Siddharth Srivastava:  Yes, there are certain restrictions today. For example, India does not currently allow inverse ETFs, leveraged ETFs, derivative-based ETFs like covered call ETFs, or active ETFs.  However, the regulator has been supportive of the passive industry. Over time, as the market evolves, some of these categories may become possible.  The objective should be to provide solutions for different opportunities. Investors can then choose what suits their portfolio. 

View on Gold and Silver ETFs 

Vidhi Mehta: What is your current view on gold and silver ETFs? 

Siddharth Srivastava: Both gold and silver have delivered very strong returns over the last year. Gold is up around 65%–70%, while silver is up around 140%–150%, depending on when one is viewing the data.  Because of these sharp moves, expectations should be muted. From a risk-reward perspective, we are more positive on gold compared to silver.  Investors who actively track markets may use silver volatility, but otherwise, it may be better to stay tilted towards gold. A possible allocation could be 80:20 or 75:25 between gold and silver.  Investors should also watch policy changes, import duties and restrictions because these can affect premiums, discounts and demand in these commodities. A staggered approach is better than investing all at once. 

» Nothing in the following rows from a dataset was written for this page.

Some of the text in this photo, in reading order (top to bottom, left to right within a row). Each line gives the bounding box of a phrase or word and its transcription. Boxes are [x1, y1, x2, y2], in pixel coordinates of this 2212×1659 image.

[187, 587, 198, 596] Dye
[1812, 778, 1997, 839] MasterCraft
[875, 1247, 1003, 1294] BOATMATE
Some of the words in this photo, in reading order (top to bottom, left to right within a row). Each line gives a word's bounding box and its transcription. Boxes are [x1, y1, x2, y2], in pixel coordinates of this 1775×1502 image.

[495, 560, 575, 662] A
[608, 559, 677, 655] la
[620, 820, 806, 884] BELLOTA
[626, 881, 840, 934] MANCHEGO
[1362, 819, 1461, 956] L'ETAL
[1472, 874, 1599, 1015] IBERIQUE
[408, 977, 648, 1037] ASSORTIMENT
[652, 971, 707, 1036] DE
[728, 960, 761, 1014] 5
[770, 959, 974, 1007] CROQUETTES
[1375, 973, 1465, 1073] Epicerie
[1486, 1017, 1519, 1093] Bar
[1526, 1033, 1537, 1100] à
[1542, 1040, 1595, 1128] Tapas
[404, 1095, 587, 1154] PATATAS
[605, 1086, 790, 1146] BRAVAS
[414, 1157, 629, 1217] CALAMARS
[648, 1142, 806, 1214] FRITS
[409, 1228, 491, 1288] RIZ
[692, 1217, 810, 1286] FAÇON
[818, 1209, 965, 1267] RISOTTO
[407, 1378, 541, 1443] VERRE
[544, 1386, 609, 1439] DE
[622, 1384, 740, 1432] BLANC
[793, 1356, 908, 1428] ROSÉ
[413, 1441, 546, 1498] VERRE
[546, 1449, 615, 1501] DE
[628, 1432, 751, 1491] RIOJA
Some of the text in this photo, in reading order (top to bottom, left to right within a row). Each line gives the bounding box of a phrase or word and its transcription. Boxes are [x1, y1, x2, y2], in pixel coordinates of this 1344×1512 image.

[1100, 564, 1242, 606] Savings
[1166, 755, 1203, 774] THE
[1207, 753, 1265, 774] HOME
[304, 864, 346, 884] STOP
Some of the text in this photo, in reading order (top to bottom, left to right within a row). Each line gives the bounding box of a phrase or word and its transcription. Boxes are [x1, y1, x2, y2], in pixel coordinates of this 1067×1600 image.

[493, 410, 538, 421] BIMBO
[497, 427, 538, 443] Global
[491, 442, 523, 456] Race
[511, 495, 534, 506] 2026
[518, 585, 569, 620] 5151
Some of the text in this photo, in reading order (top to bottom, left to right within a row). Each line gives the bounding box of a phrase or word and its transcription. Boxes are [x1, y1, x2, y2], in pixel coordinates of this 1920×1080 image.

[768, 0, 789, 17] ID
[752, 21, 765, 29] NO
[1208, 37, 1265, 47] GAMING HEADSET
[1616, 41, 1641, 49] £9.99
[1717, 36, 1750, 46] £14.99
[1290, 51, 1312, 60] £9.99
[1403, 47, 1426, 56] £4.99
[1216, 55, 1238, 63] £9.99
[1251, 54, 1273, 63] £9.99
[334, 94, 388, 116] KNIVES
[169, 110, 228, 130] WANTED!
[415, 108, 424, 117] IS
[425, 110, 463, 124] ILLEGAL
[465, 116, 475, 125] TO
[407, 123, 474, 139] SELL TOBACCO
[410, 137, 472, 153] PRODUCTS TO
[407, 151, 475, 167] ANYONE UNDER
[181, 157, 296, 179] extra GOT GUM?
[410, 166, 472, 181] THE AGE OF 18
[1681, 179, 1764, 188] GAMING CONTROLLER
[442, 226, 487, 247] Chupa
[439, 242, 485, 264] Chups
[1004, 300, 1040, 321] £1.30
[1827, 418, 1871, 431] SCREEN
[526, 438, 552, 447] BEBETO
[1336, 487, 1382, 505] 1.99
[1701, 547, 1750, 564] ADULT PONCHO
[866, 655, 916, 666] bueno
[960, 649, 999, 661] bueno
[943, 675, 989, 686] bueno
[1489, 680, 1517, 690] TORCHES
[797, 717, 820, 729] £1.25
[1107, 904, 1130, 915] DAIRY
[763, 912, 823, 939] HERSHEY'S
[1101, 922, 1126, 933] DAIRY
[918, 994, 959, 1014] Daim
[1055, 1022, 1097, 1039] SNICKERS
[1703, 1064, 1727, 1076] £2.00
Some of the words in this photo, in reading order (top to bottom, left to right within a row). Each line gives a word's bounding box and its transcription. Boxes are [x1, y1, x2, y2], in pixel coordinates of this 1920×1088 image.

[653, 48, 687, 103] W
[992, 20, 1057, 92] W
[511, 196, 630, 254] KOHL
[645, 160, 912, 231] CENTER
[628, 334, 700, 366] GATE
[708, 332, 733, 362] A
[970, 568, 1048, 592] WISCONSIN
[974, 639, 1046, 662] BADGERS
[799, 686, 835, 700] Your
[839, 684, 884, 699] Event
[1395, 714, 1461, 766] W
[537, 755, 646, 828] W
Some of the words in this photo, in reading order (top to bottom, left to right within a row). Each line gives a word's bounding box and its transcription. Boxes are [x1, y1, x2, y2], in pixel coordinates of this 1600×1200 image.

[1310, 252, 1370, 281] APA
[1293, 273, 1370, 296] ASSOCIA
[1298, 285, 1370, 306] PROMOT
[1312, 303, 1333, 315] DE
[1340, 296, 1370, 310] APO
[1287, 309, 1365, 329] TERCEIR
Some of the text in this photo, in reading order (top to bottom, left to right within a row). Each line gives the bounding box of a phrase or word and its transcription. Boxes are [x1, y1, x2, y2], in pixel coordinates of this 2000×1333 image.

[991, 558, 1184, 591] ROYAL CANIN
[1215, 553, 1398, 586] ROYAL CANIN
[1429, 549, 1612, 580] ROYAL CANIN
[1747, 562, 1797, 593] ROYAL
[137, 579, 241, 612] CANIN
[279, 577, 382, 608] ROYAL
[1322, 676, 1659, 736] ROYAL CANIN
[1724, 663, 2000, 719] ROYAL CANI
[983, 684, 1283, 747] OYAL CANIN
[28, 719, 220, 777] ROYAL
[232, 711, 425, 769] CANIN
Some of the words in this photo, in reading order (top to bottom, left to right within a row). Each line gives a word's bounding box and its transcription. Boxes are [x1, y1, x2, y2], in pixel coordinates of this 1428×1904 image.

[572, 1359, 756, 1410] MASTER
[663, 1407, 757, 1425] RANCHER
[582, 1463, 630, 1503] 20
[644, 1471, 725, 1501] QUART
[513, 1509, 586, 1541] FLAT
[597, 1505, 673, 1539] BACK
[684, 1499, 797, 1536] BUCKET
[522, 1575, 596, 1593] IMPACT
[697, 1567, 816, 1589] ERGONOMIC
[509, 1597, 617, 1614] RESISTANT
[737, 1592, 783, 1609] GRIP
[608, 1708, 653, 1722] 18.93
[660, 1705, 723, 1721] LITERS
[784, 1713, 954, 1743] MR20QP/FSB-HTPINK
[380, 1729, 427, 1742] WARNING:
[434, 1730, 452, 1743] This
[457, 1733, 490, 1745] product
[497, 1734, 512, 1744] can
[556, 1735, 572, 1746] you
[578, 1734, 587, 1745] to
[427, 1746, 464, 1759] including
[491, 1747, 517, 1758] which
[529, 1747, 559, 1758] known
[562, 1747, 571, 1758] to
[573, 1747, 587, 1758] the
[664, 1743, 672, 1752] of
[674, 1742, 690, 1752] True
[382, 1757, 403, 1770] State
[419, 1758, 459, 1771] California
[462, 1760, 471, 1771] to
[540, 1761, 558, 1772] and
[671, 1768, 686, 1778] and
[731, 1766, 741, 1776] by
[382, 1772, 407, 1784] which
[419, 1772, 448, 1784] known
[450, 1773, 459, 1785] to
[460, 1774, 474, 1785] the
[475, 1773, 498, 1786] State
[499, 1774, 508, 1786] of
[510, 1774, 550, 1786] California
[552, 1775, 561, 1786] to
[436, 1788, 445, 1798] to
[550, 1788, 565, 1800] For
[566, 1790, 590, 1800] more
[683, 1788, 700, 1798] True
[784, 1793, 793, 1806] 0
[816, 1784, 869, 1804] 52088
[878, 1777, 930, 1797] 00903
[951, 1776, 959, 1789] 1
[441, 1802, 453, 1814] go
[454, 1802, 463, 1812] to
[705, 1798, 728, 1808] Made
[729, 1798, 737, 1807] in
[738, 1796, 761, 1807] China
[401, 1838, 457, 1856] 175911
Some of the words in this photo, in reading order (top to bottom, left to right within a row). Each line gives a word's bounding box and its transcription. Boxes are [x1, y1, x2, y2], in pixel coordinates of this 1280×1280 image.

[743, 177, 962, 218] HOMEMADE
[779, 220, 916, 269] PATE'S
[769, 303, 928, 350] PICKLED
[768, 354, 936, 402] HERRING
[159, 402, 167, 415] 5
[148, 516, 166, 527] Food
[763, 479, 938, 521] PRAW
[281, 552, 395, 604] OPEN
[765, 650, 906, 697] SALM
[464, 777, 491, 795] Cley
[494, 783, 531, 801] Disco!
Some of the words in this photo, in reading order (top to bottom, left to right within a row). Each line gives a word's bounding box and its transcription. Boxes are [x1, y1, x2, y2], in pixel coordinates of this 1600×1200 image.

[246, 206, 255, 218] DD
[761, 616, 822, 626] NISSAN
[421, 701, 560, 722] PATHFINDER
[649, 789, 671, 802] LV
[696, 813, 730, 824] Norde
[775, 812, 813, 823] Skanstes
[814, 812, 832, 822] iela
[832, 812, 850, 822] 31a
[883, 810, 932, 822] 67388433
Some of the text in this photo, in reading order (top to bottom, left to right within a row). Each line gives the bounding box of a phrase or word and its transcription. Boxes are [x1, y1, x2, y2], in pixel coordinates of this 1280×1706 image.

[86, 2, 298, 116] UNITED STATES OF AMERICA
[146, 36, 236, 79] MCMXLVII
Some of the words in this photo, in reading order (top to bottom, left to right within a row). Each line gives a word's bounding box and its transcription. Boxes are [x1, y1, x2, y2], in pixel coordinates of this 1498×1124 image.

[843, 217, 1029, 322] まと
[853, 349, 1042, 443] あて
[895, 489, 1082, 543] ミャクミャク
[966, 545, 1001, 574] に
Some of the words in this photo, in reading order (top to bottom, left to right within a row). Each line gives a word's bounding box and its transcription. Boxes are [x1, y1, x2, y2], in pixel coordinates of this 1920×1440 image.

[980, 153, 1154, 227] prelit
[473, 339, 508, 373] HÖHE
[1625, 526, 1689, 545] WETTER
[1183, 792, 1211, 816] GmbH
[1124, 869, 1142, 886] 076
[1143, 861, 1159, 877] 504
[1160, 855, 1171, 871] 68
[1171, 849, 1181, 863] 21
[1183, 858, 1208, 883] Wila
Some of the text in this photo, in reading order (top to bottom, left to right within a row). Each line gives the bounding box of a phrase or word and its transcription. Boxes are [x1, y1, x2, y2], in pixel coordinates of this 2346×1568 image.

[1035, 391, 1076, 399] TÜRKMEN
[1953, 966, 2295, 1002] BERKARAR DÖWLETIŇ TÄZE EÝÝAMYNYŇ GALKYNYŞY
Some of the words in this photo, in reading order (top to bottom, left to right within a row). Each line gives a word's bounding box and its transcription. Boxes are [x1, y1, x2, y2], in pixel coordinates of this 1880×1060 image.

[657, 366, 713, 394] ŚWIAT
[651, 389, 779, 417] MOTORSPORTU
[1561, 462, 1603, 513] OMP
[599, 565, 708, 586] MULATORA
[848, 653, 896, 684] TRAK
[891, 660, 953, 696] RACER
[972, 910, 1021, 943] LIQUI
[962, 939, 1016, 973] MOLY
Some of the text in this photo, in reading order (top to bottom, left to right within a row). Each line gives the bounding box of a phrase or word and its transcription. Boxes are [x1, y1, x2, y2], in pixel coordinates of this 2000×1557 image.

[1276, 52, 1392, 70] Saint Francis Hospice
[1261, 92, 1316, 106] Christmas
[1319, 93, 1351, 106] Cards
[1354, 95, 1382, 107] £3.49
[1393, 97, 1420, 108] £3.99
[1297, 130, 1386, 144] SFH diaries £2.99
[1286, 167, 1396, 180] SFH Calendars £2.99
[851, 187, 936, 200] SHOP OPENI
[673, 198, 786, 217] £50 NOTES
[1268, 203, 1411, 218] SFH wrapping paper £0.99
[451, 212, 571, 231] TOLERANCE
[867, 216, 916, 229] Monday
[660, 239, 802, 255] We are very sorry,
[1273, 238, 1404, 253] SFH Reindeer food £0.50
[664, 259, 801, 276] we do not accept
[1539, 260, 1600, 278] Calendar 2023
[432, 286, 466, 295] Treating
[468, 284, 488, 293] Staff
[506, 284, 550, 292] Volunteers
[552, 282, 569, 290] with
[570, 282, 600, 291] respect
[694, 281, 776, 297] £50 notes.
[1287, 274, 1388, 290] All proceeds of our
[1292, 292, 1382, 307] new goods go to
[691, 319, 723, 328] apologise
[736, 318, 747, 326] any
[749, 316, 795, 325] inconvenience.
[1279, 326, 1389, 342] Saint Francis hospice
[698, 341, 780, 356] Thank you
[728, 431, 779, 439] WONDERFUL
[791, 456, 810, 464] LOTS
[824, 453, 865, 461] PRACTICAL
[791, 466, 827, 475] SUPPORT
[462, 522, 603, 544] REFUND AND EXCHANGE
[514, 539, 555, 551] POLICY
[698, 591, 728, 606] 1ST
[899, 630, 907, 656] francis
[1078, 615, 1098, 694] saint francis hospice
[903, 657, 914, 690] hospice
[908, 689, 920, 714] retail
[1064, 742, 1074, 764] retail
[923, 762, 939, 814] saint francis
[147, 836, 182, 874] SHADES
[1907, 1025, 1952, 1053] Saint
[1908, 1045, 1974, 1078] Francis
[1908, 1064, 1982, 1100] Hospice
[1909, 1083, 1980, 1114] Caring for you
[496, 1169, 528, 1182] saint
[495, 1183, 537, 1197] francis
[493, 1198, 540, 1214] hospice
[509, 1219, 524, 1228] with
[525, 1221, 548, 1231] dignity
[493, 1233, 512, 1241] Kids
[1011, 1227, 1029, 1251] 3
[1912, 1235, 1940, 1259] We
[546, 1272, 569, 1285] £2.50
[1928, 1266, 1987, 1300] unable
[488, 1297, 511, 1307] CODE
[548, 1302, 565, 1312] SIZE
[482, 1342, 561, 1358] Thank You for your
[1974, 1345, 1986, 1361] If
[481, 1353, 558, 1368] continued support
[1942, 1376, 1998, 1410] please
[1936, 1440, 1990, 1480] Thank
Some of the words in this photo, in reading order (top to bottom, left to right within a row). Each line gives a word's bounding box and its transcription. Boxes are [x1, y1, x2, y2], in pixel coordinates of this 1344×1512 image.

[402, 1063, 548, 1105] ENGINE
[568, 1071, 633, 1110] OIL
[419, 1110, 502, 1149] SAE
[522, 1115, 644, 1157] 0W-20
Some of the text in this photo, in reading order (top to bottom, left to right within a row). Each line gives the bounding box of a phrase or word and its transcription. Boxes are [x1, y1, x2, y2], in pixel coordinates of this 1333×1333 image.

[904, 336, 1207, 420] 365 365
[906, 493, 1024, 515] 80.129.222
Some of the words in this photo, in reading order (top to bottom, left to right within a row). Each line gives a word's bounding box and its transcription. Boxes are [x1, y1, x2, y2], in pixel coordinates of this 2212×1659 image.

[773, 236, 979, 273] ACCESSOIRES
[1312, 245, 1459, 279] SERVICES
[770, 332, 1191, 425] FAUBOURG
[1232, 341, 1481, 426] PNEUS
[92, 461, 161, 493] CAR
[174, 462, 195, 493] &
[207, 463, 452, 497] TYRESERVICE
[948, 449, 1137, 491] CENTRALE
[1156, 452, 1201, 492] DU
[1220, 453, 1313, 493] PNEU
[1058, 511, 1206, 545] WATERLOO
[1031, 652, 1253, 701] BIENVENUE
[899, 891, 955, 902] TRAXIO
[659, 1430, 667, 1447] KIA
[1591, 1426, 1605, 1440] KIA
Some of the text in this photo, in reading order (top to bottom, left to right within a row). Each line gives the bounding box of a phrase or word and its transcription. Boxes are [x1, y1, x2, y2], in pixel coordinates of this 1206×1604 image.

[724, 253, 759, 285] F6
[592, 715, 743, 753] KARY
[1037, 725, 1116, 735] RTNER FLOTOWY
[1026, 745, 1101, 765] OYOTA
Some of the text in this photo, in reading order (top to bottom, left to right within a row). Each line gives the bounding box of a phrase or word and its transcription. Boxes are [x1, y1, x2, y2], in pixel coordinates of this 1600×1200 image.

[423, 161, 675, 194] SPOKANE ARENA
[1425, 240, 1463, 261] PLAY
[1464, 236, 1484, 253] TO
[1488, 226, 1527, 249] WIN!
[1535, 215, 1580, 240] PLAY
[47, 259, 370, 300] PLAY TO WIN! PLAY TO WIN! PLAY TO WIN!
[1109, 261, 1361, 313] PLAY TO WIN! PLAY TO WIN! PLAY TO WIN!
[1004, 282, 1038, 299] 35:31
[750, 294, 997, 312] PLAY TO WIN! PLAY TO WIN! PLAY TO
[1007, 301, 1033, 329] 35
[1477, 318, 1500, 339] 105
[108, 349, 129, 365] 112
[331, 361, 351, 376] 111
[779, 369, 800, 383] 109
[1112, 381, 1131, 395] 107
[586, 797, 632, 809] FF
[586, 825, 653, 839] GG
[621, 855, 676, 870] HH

How Mirae Asset Differentiates in ETFs 

Vidhi Mehta:  Mirae Asset has been an early mover in ETFs. How does Mirae Asset differentiate itself in the ETF universe? 

Siddharth Srivastava:  The first differentiator is the product basket. We have the largest number of ETFs by any AMC in India, with 38 ETFs. If we add fund of funds and index funds, the number is closer to 70 products.  The second focus is exchange infrastructure. We have worked to ensure liquidity in Mirae Asset ETFs across market conditions, with low spreads and better ease of buying and selling.  So the two key differentiators are product innovation and convenience on exchange. 

How to Build an ETF Portfolio 

Vidhi Mehta:  If someone wants to build an ETF portfolio, what kind of allocation or themes would you suggest? 

Siddharth Srivastava:  The first step is to create a base. That can be done through a multicap ETF.  Then, one can add two themes at most. I like new-age consumption because discretionary spending is increasing. This theme can include autos, internet economy, real estate and related sectors. Manufacturing is another theme I like for a 10-year portfolio. Defence can be a component within manufacturing, but a broader manufacturing exposure may be more suitable.  Then one can add gold and silver, and also consider international ETF exposure. 

A possible portfolio could include: 
• A multicap ETF as the base 
• 10%–15% in two themes 
• Gold and silver exposure 
• Around 30% international ETF exposure 

Conclusion 

Vidhi Mehta:  Thank you so much, Siddharth. It was great speaking with you. 

Siddharth Srivastava:  Thank you so much for having me on the show. 

Disclaimer:  Mutual Fund investments are subject to market risks. Please read all scheme-related documents carefully before investing.